Angus took out my 6’8″ 7S Superfish XL as his little board would not like the conditions. It is a bit big for him, hence the weird body position. I will need to teach him to ride it like a long board rather than adopt the “poo-dance” stance.
Emma commandeered my Myerhoffer 9’2″ hybrid mal / short board and attached her GoPro. Her 6’2″ short board would also not cut it on such a small and weak swell. This is a board designed by Thomas Myerhoffer a renowned Swedish innovator and designer who created such things as helmet compatible ski-goggles, Flow rear-entry snowboard bindings and funky chairs.
Harley also had his GoPro and was getting a lot of waves but also struggled with the swell size and power.
Steve had been practising his pop-ups, the action of jumping up on the surfboard in one fluid motion rather than the 3 step process of one knee then the other then standing. He wanted to come out to the point and get a wave there as most of the waves on offer at the beach break were white-wash and went straight.
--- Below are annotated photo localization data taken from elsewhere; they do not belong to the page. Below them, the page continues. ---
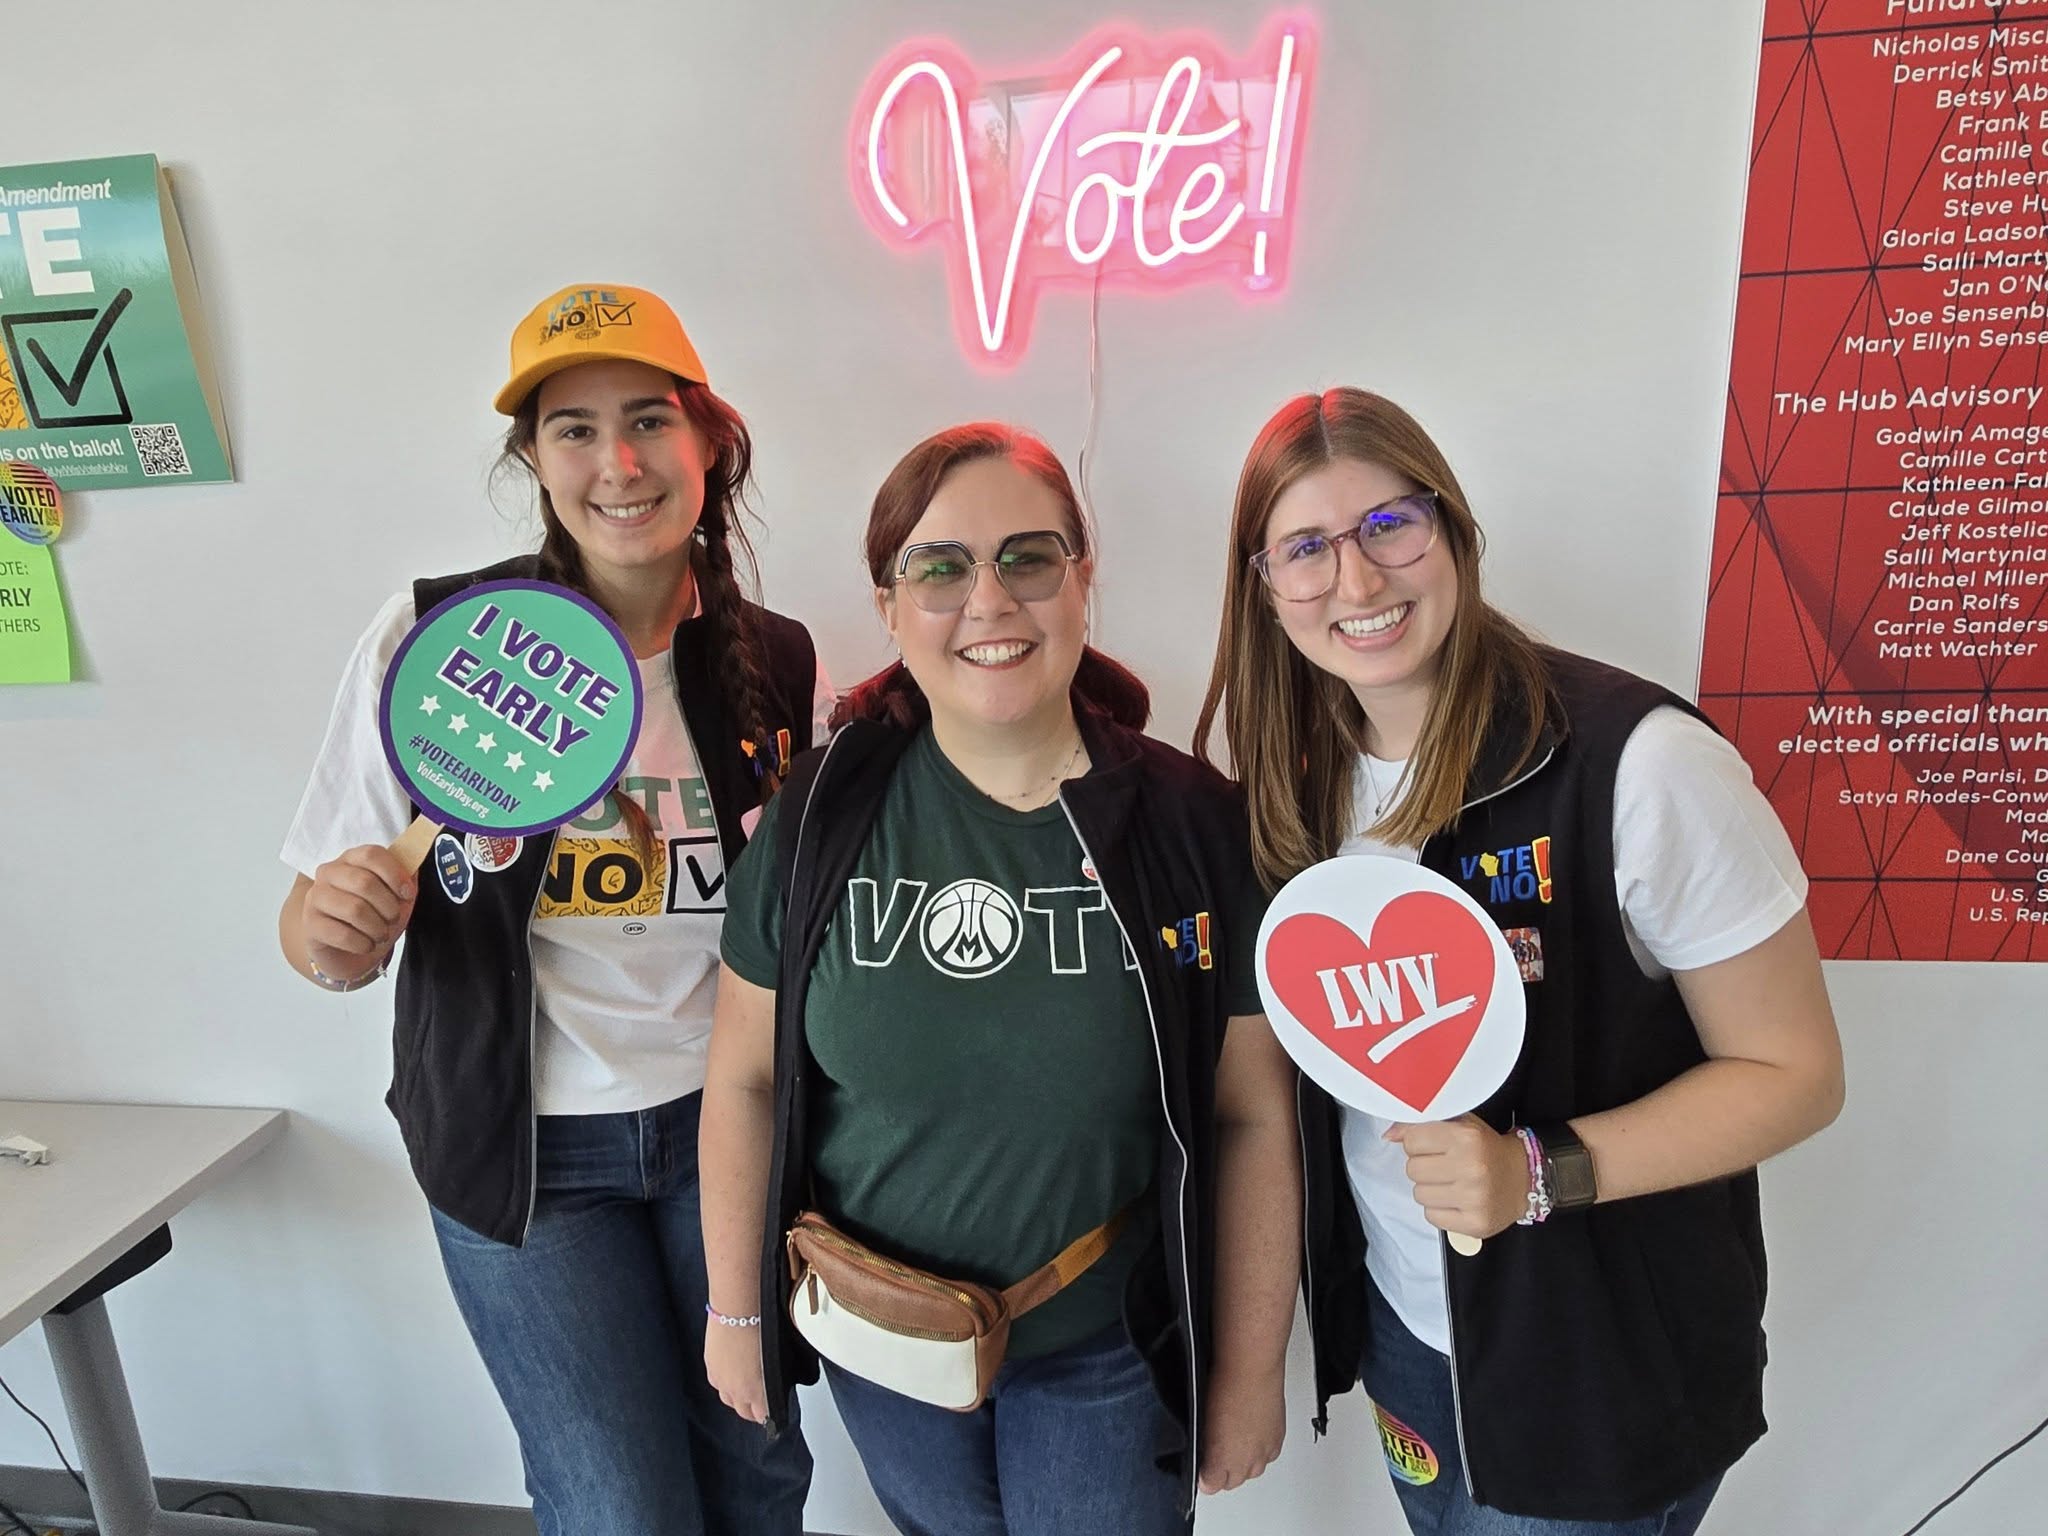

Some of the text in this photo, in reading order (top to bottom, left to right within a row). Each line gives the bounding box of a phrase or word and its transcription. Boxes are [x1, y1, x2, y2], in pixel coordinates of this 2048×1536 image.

[1873, 27, 2048, 57] Nicholas Misc
[1894, 58, 1984, 84] Derrick
[1936, 88, 2007, 110] Betsy
[1959, 111, 2031, 135] Frank
[1940, 140, 2032, 163] Camille
[1943, 168, 2048, 191] Kathleen
[868, 34, 1295, 351] Vote!
[1943, 198, 2013, 218] Steve
[1882, 226, 1956, 248] Gloria
[1922, 251, 1976, 272] Salli
[1943, 278, 1990, 297] Jan
[548, 310, 586, 338] NO
[1888, 307, 1933, 326] Joe
[1845, 335, 1906, 357] Mary
[1912, 332, 1971, 354] Ellyn
[1774, 384, 2044, 415] The Hub Advisory
[1876, 425, 1963, 446] Godwin
[16, 446, 40, 460] on
[40, 442, 69, 460] the
[69, 438, 124, 458] ballot!
[1900, 449, 1986, 469] Camille
[1902, 474, 2005, 494] Kathleen
[2, 486, 56, 507] VOTED
[0, 505, 44, 525] EARLY
[1888, 499, 1970, 518] Claude
[1901, 523, 1952, 541] Jeff
[1883, 545, 2047, 567] Salli Martynia
[1888, 569, 2048, 590] Michael Miller
[1909, 593, 2020, 612] Dan Rolfs
[1874, 616, 2048, 636] Carrie Sanders
[1879, 640, 2038, 659] Matt Wachter
[467, 602, 621, 720] I VOTE
[435, 645, 592, 758] EARLY
[1808, 703, 2048, 729] With special than
[1778, 733, 1881, 754] elected
[1887, 732, 2000, 753] officials
[408, 734, 522, 814] #VOTEEARLYDAY
[1916, 768, 1955, 784] Joe
[1962, 767, 2027, 785] Parisi,
[416, 760, 490, 819] VoteEarlyDay.org
[1838, 789, 1898, 807] Satya
[2005, 808, 2048, 823] Mad
[1946, 849, 1999, 864] Dane
[1991, 887, 2029, 903] U.S.
[1969, 907, 2008, 922] U.S.
[1316, 953, 1437, 1029] LWV
He was keen to get a ride on a “green-water” wave.
Connor and I helped Steve get in position and he picked up a few waves He got a few himself on both his 9′ BIC mal and my SUP.
Charlotte took out Emma’s Race mal and Big Al had Steve’s 10 foot BIC and got one or two.
Monday Arvo Update
Ron and Allan put the IRB in at the boat ramp and brought along a ski-tube and a ski-biscuit to tow the kids along behind the boat.
Everyone was keen to have a go and “The Twins” Alex and Daniel, Will, Charlotte were waiting in anticipation. At the same time Connor, Emma, Harley Angus and myself had returned from a surf.
Jenny was there as usual behind the camera.
Before hooking up the biscuit for the kids, Ron and Connor took a few people for ride in the boat.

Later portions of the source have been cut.